Silly questions and trenchant observations (or vice versa)
"What sort of Idiot would be so dumb as not to use AU on Windows and not be informed of what updates are available for your system?"
Anyone smart enough to follow computer news affecting their job, and therefore usually knowing of the problems BEFORE MS releases the fixes? And doesn't trust MS's fixes to always work right the first time? i.e. a substantial portion of the Register's users?
"...anyone whining about their code "breaking" when rendered in a standard-compliant way just needs to have it explained to them that their mess has ALWAYS been broken"
YES!!!!! America HATES being told this, but it's kind of a universal American principle. I mean, we got away with it, so it must have been right.
"It is MUCH easier to roll back a bad update than to clean up after a virus or worm."
"Reinstall from current backups" seems to work the same to me in either case. A "bad" update is one that, by definition, both fails and refuses to be rolled back. Hosing one's system with a defective update and getting infected with malware are BOTH undesirable outcomes, not mututally exclusive necessities.
"As for detecting browsers, that's exactly what I've done for my latest project. "
url, please?
"Isn't this something that should be prevented upstream?? Why for the love of all that is good and proper would you install anything client-side, executable code no less!"

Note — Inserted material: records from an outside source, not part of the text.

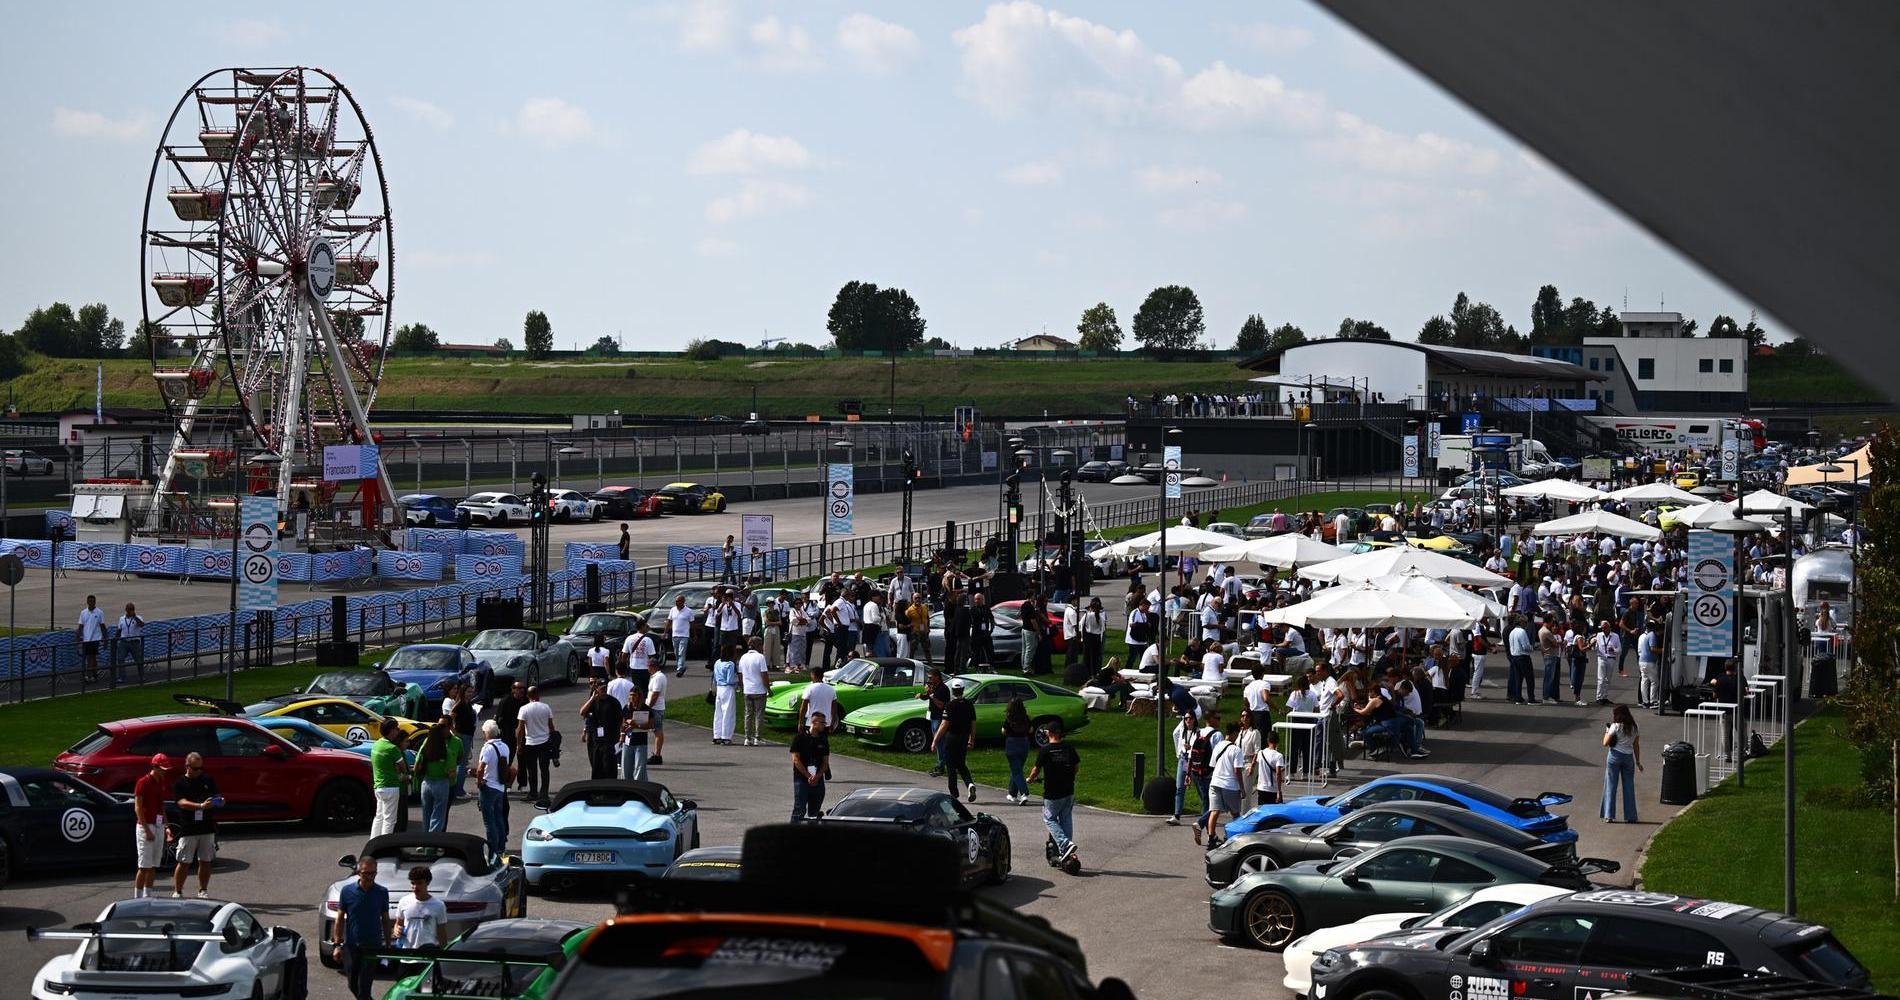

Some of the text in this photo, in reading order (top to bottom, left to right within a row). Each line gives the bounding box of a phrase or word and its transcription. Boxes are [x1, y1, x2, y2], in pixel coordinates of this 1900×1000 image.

[834, 504, 846, 513] 26
[30, 549, 39, 557] 26
[93, 550, 102, 559] 26
[249, 562, 267, 575] 26
[280, 562, 289, 570] 26
[1700, 602, 1720, 617] 26
[69, 817, 87, 831] 26
[1706, 952, 1725, 965] RS
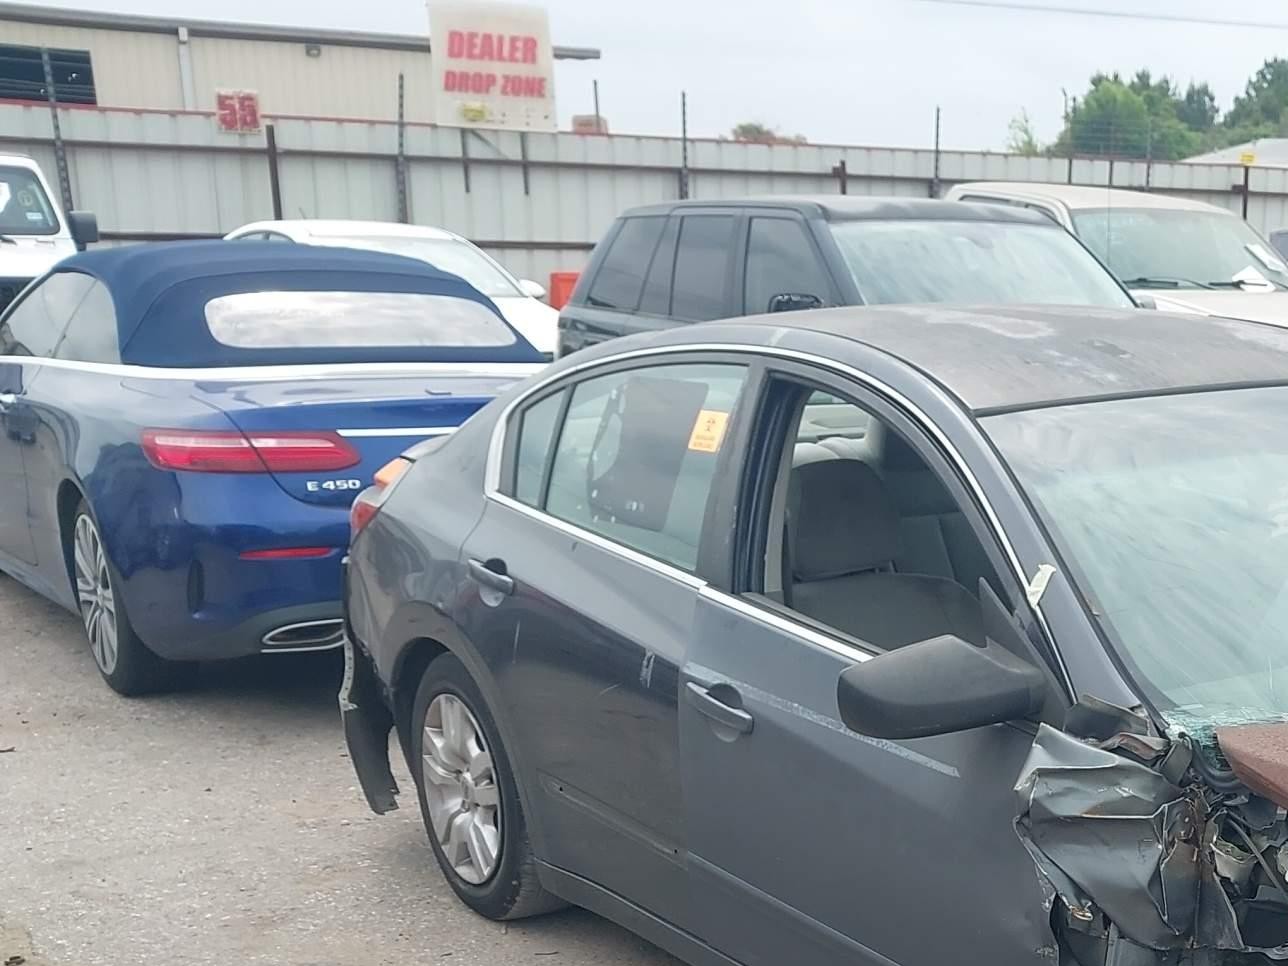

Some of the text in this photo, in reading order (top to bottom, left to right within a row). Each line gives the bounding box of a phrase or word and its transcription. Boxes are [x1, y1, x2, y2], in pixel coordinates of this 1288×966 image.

[447, 30, 537, 64] DEALER
[444, 70, 547, 98] DROP ZONE
[306, 479, 361, 491] E 450
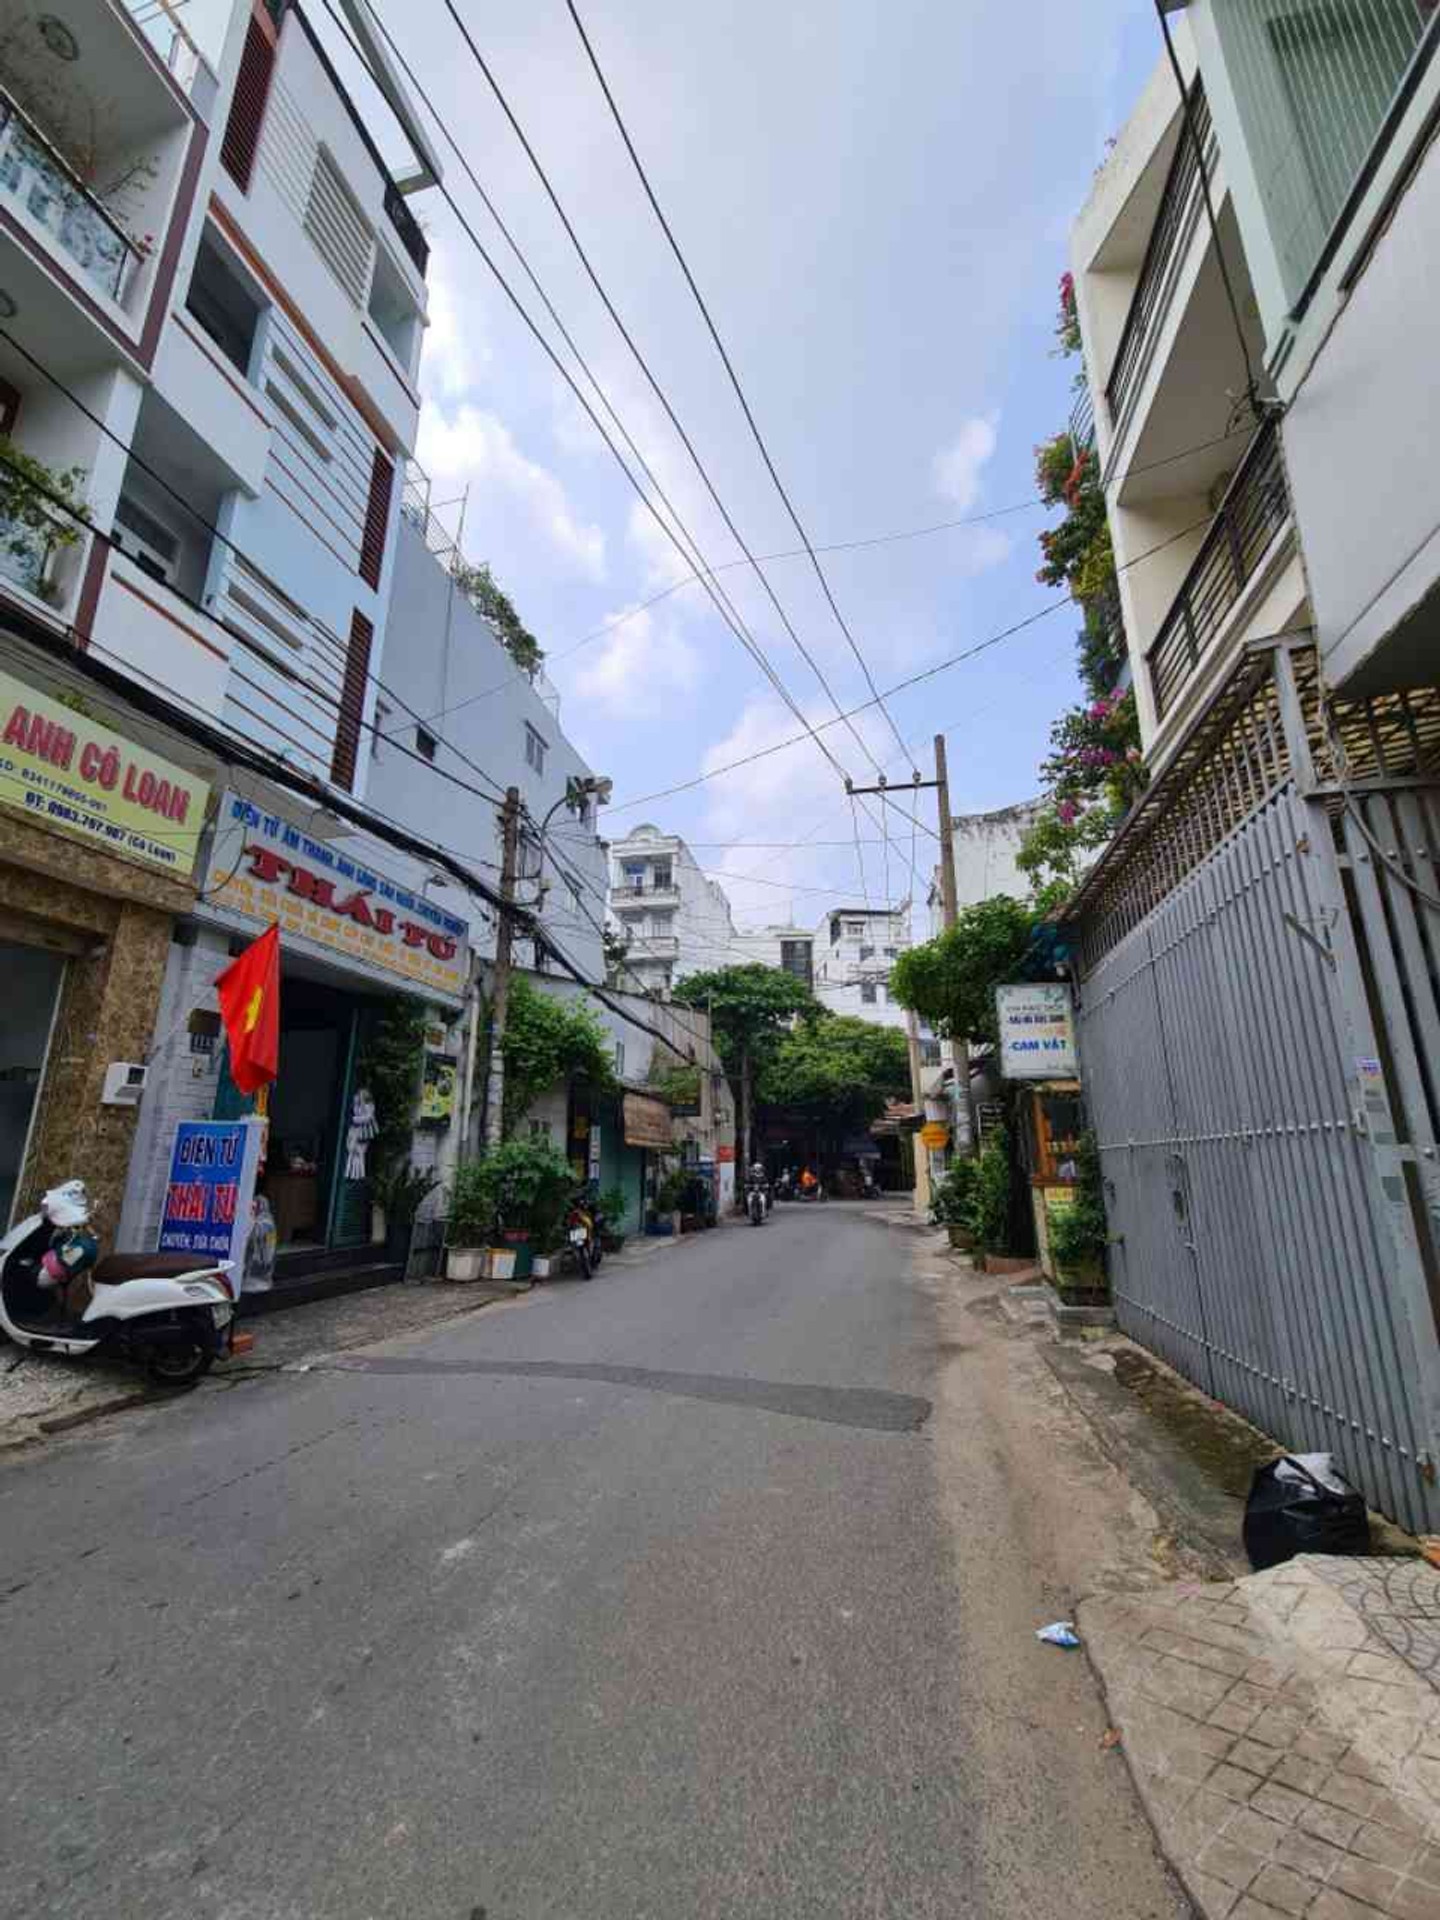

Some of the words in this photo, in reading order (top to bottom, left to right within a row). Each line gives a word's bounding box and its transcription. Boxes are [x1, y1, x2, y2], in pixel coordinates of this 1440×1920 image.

It seems to me that MS is quite regularly looking for ways to justify downloading executable code of uncertain purpose to user's machines. What's surprising about it? It doesn't imply any particular piece of code is malicious, just that they want you to get used to the idea that it isn't your choice.
And anyone who mentions Paris Hilton at this point deserves children who become nostalgic Paris Hilton fanatics.
And no, I don't use Linux - I just though this discussion went on too long without penguins.